If you ask my mother what she remembers most about this period of my professional life, she will tell you about a dinner shift early in my tenure, when I had not yet mastered the art of making an appetizing salad. One of the waitresses took a mixed green salad out of the refrigerator and, frustrated with its sad appearance, yelled, "Who's the RE-tard making the salads tonight?"
My mother went nuts. She stomped her feet and lectured this woman about the fact that the "retard" making the salads was in fact a student at a prestigious girls' school in Manhattan who was acing her Latin and French classes and was almost certainly bound for an Ivy League degree. I peered through the glass refrigerator doors and took in the scene of my five-foot mother dressing this poor woman down. It was a scene none of us will ever forget, and I'm pretty sure it's the last time anyone ever called me a "retard," at least within my mother's earshot.
I made salads until I was old enough to bus tables, and then I did that until I was eighteen, and old enough to serve alcohol. I then waitressed until my sophomore year in college, at which point I was able to secure a "real" job in an office, as a paralegal.

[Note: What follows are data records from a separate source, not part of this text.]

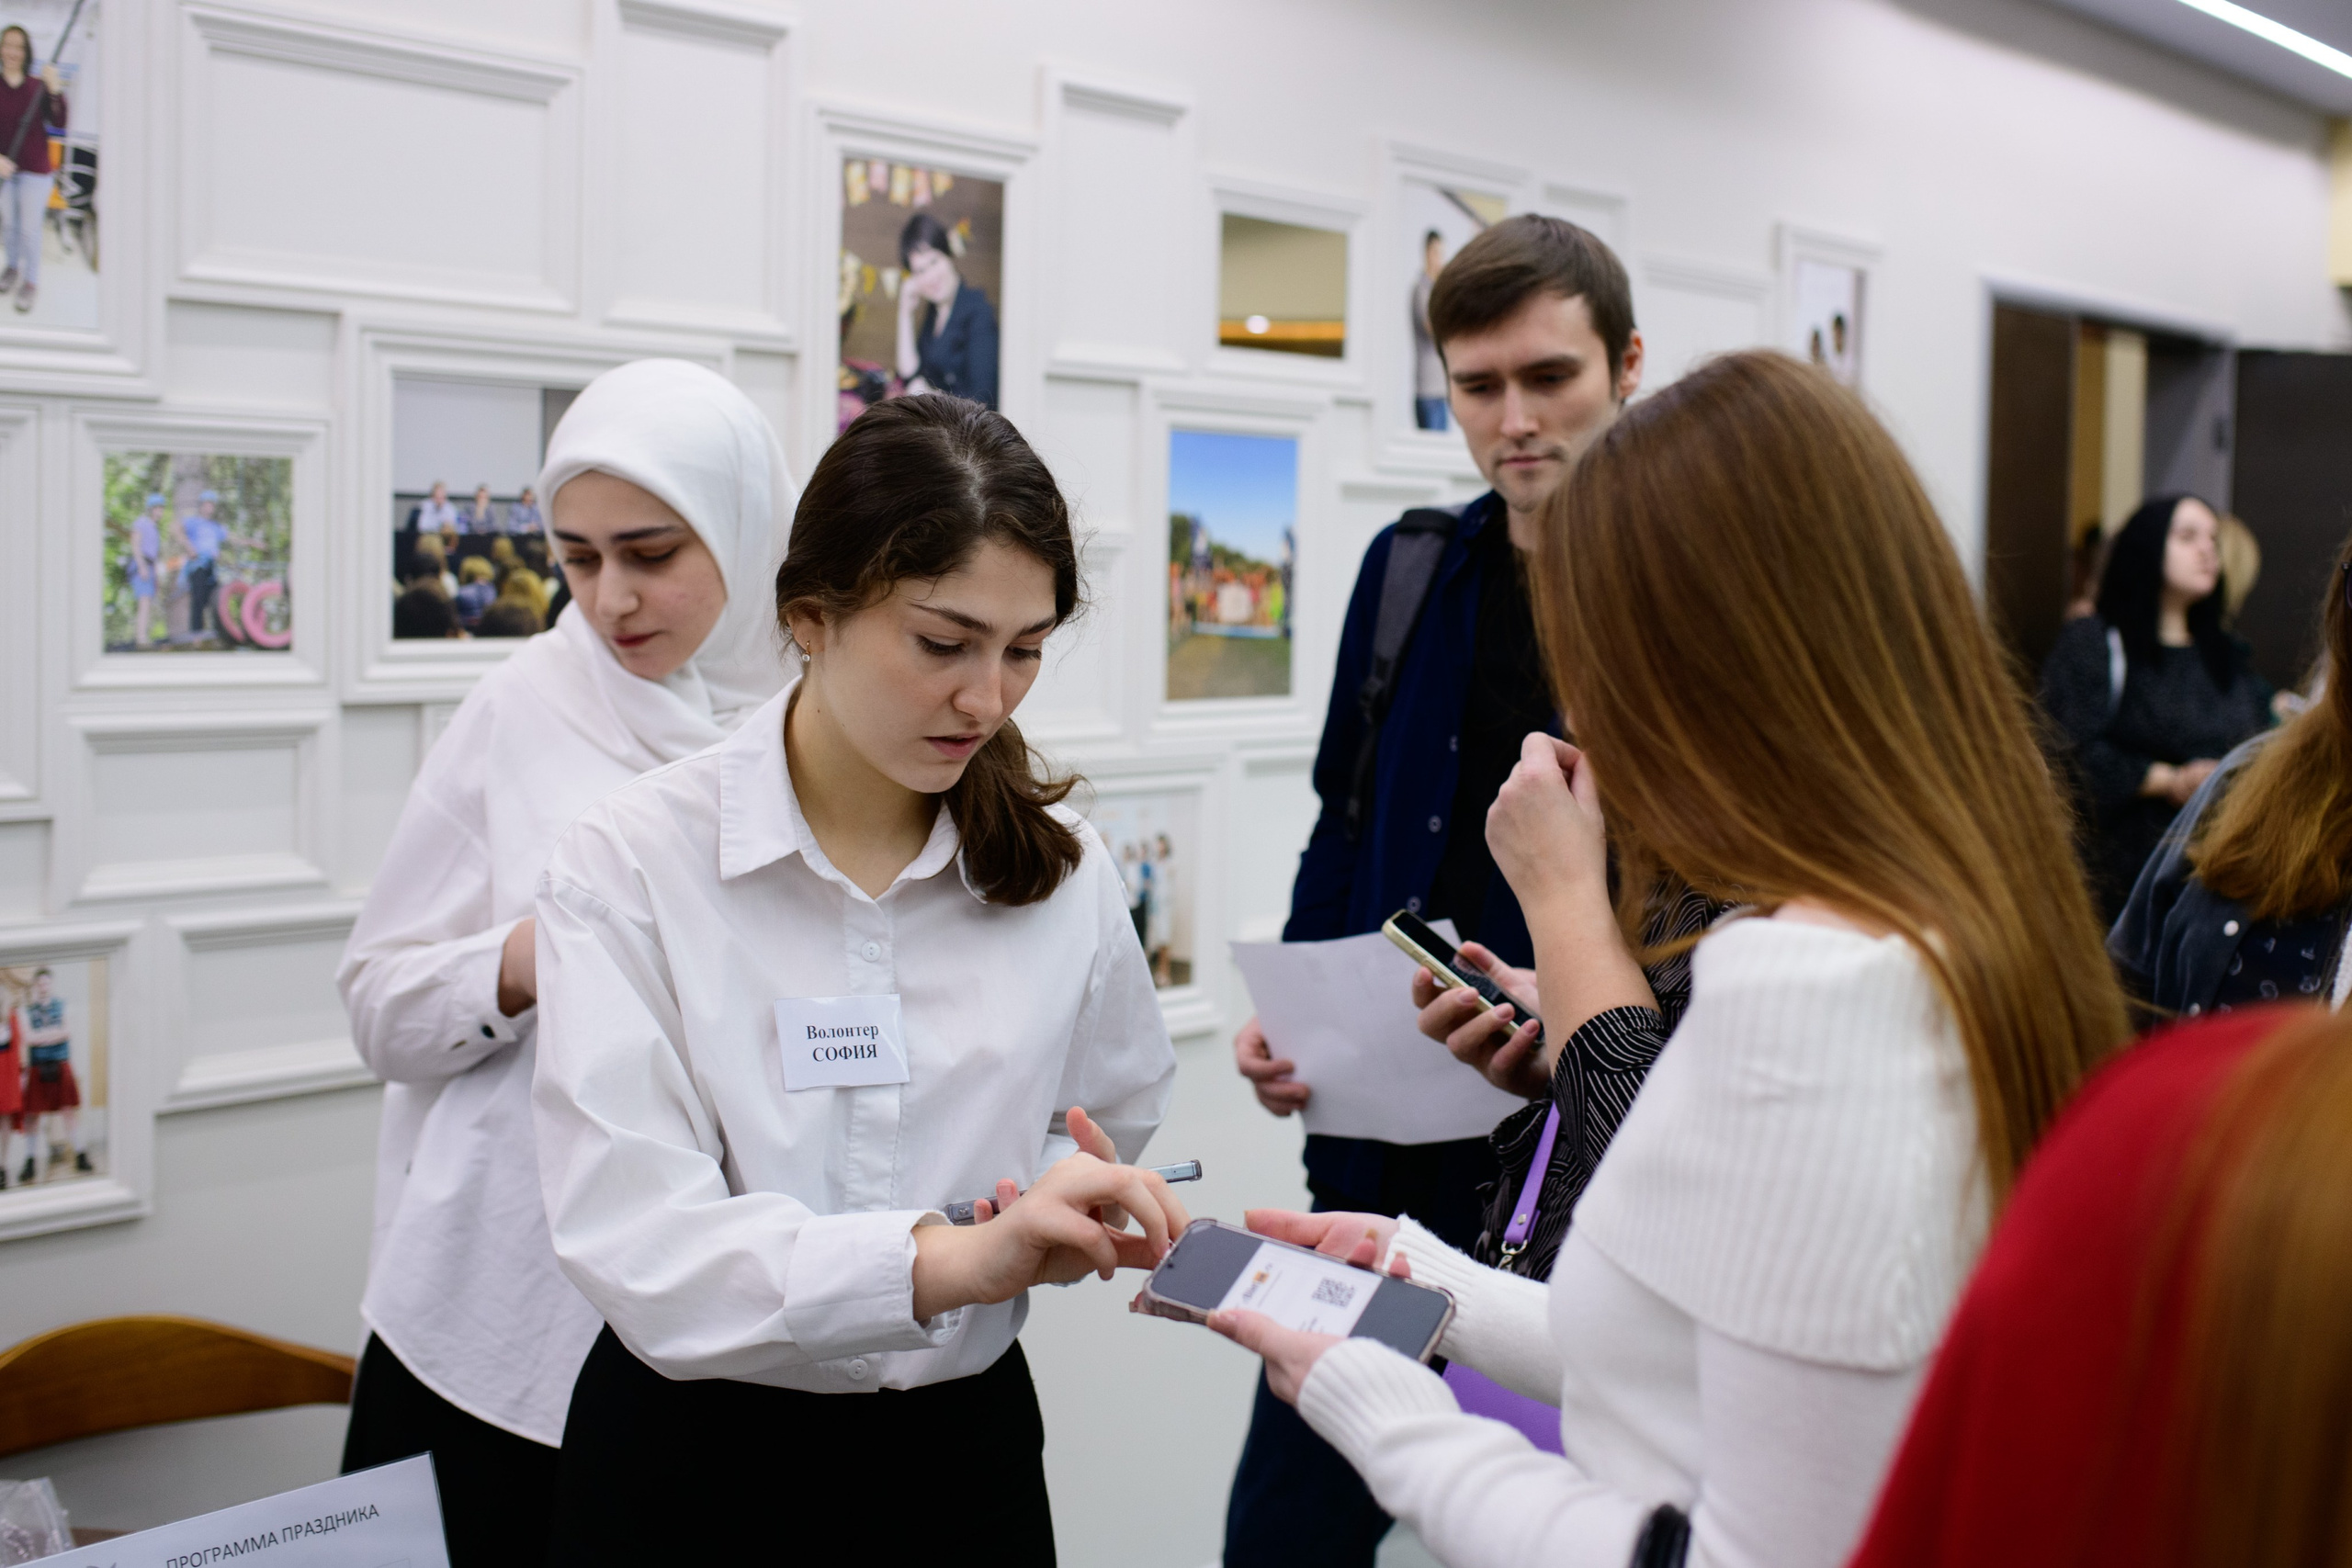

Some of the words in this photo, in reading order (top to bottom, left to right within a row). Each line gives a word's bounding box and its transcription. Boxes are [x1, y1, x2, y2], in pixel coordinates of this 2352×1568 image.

[806, 1024, 879, 1040] Волонтер
[812, 1043, 878, 1062] СОФИЯ
[166, 1531, 278, 1568] ПРОГРАММА
[282, 1504, 379, 1543] ПРАЗДНИКА
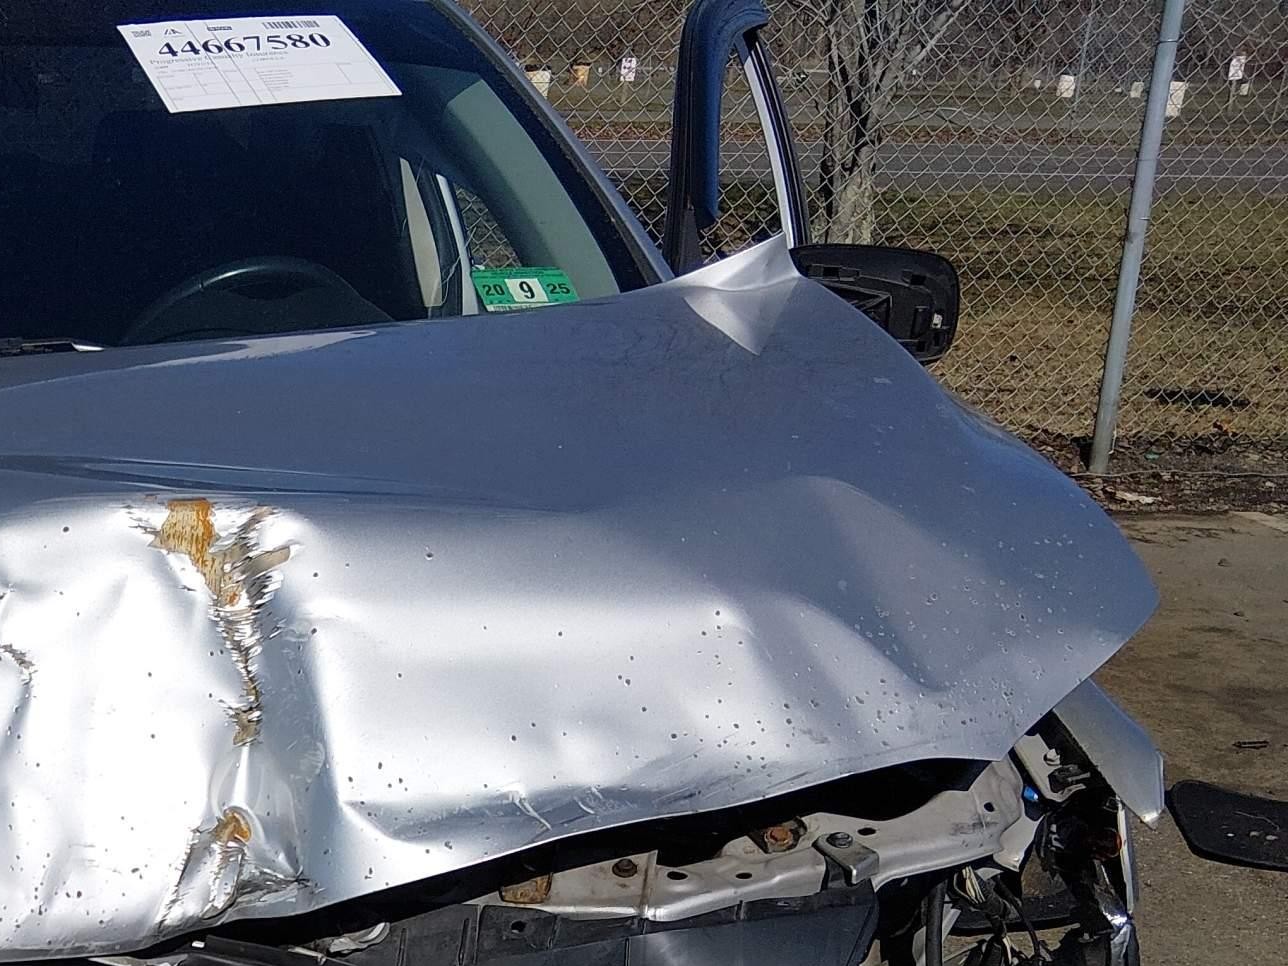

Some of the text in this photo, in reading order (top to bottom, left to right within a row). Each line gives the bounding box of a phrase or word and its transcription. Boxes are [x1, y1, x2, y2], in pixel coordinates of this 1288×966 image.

My oldest daughter and her friends are now in the process of trying to find summer jobs. A new ice cream shop is opening in our town, and several of them have applied to be scoopers. Money is of course a motivation, but the pressure to find a prestigious internship, or a job that relates somehow to their future careers, is palpable. I don't think it's a bad thing to start out as something humble, like a Salad Girl. I met a lot of people I otherwise would not have met, and I learned how to communicate with them and work as a team. The work was hard and messy, and pressured at times. I needed to be organized, neat, and helpful. I formed friendships, some of them enduring. I worked my way up from bringing home a few dollars an hour to a pocket stuffed at the end of a long night with generous tips.
I didn't much like the job back then, but I appreciate it now for what it taught me. So many experiences are funny like that.
What was your first job? What did you learn from it?